[What the task asks] Nothing but the images is to be left out of your exact copy of the entries.

[Supplied material]
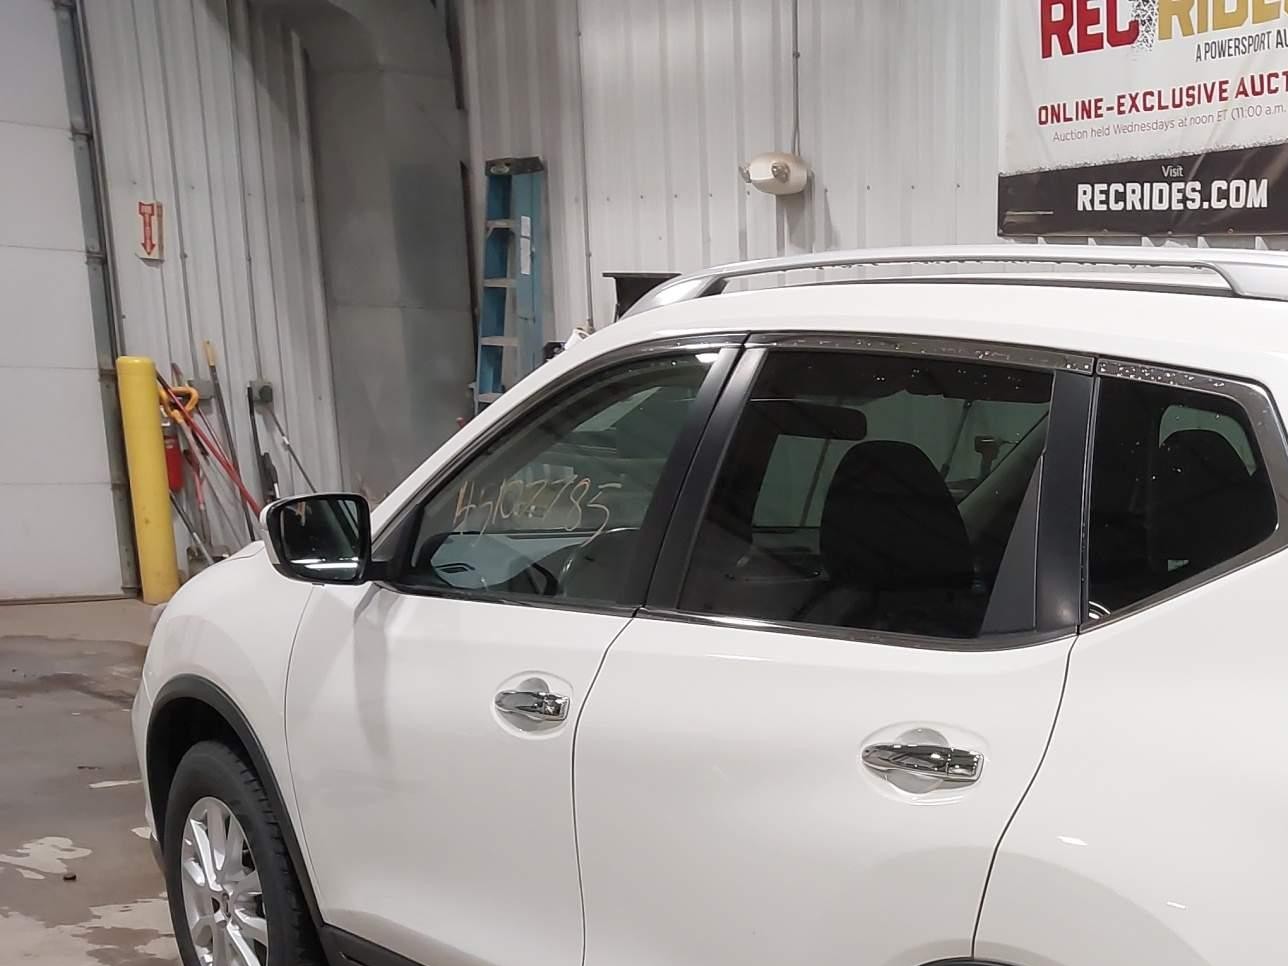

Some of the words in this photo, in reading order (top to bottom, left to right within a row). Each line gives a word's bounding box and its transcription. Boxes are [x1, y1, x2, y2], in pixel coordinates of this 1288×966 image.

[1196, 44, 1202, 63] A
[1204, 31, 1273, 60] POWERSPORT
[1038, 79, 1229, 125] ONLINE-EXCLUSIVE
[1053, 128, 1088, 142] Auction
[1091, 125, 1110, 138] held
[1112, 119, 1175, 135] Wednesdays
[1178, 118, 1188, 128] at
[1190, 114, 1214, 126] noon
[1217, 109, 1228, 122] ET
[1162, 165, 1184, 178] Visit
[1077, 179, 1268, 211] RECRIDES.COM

[Reply]
Some of the words in this photo, in reading order (top to bottom, left to right within a row). Each line gives a word's bounding box and its transcription. Boxes are [x1, y1, x2, y2], in pixel coordinates of this 1288×966 image.

[1196, 44, 1202, 63] A
[1204, 31, 1273, 60] POWERSPORT
[1038, 79, 1229, 125] ONLINE-EXCLUSIVE
[1053, 128, 1088, 142] Auction
[1091, 125, 1110, 138] held
[1112, 119, 1175, 135] Wednesdays
[1178, 118, 1188, 128] at
[1190, 114, 1214, 126] noon
[1217, 109, 1228, 122] ET
[1162, 165, 1184, 178] Visit
[1077, 179, 1268, 211] RECRIDES.COM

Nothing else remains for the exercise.